The pervasive presence of microplastics and nanoplastics (MNPs) in the environment has raised growing concerns regarding their potential health impacts. While research has progressively revealed the toxicological effects of MNPs, limited attention has been given to their specific influence on the cardiovascular system, particularly in human models. This systematic review synthesizes current evidence on MNP-induced cardiotoxicity, highlighting both physiological outcomes and underlying mechanisms.

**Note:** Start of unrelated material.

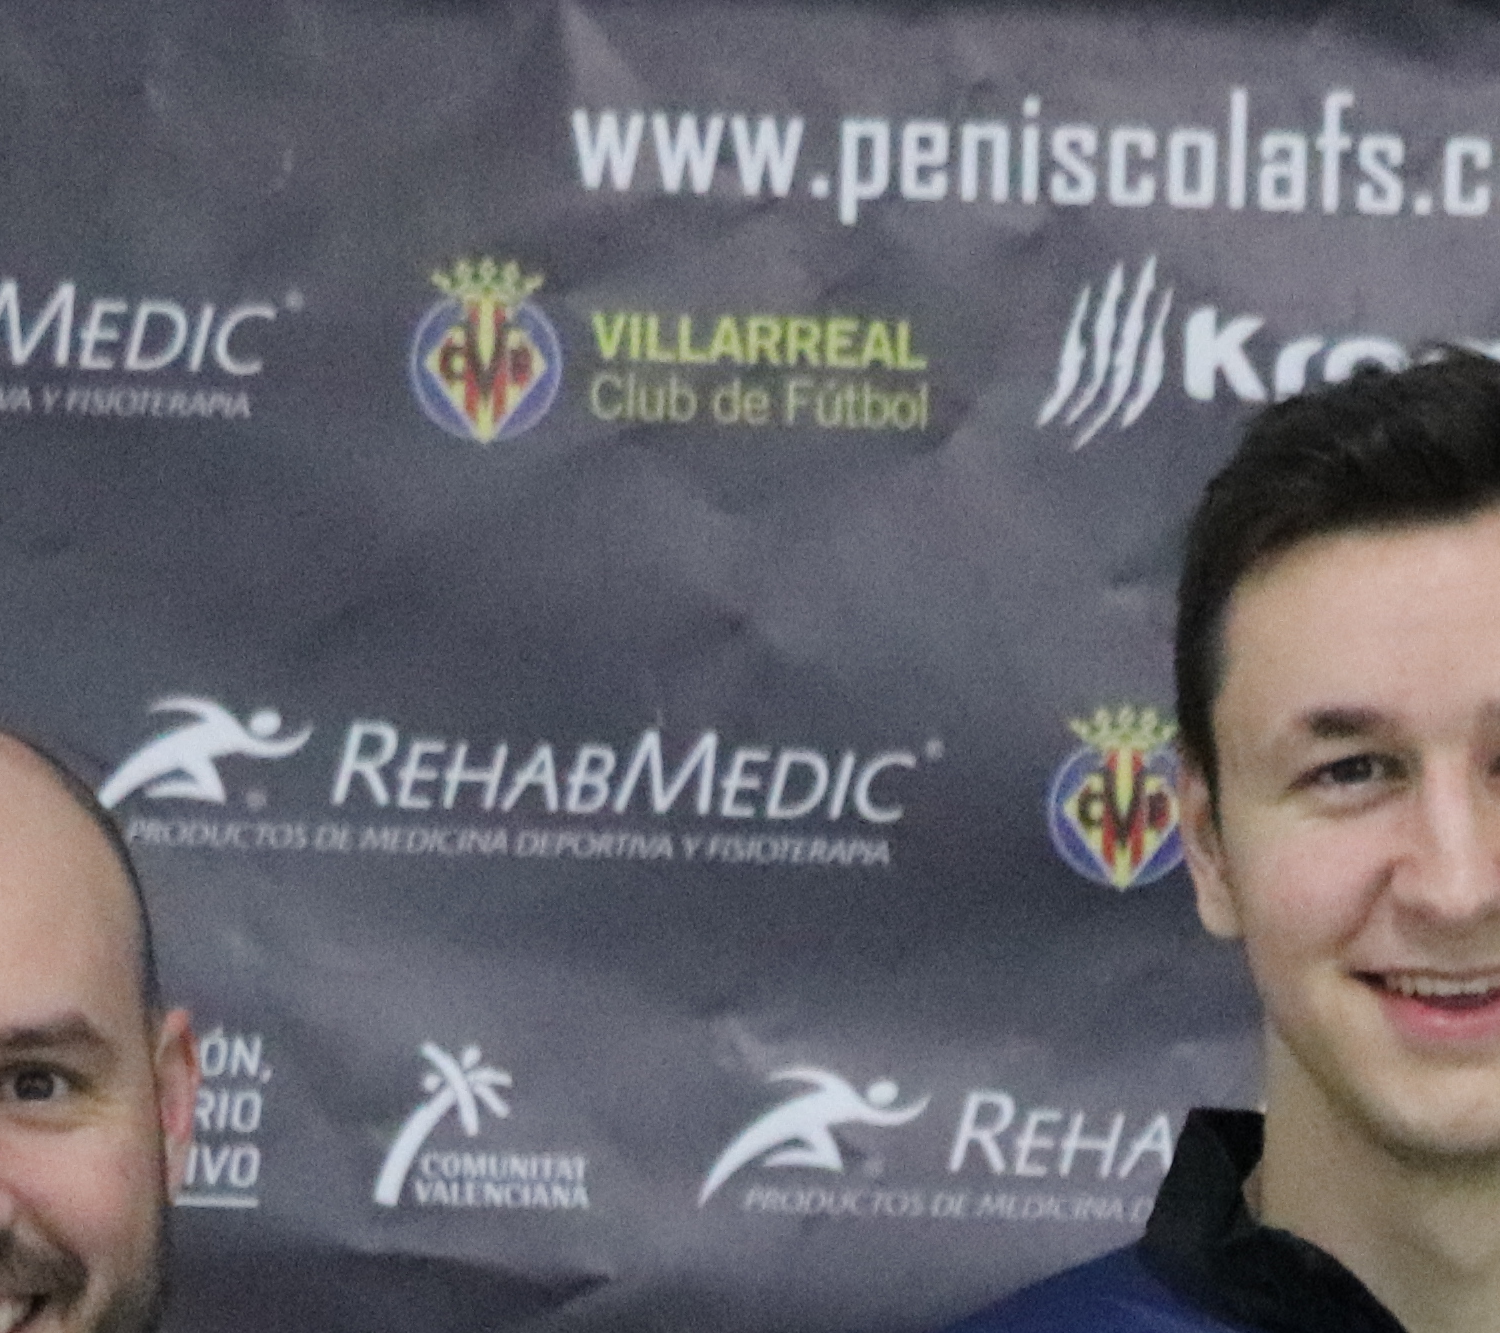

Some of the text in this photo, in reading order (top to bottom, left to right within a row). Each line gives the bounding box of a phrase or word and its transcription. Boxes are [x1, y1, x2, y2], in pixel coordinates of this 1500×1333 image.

A total of 72 studies—including in vivo experiments on aquatic species and rodents, and in vitro assays on human cardiovascular cells—were analyzed. The findings consistently demonstrate that MNPs can impair cardiac function by altering heart rate, inducing pericardial edema, and promoting myocardial fibrosis. These effects are mediated by mechanisms such as oxidative stress, inflammation, apoptosis, and disruptions in cellular signaling pathways.

Toxicity outcomes vary based on particle characteristics (type, size, and surface chemistry), exposure dose and duration, organismal factors (age, sex, species), and co-exposure to other pollutants. Notably, smaller particles (< 100 nm) exhibit greater bioaccumulation and systemic penetration, correlating with higher cardiovascular toxicity.

Despite growing evidence, standardized protocols for evaluating MNP cardiotoxicity remain lacking, and human-based data are scarce. This review underscores the urgent need for long-term, mechanistic studies and regulatory frameworks to assess cardiovascular risks posed by environmental MNPs. Advancing this research frontier is critical to understanding the public health implications of chronic plastic particle exposure.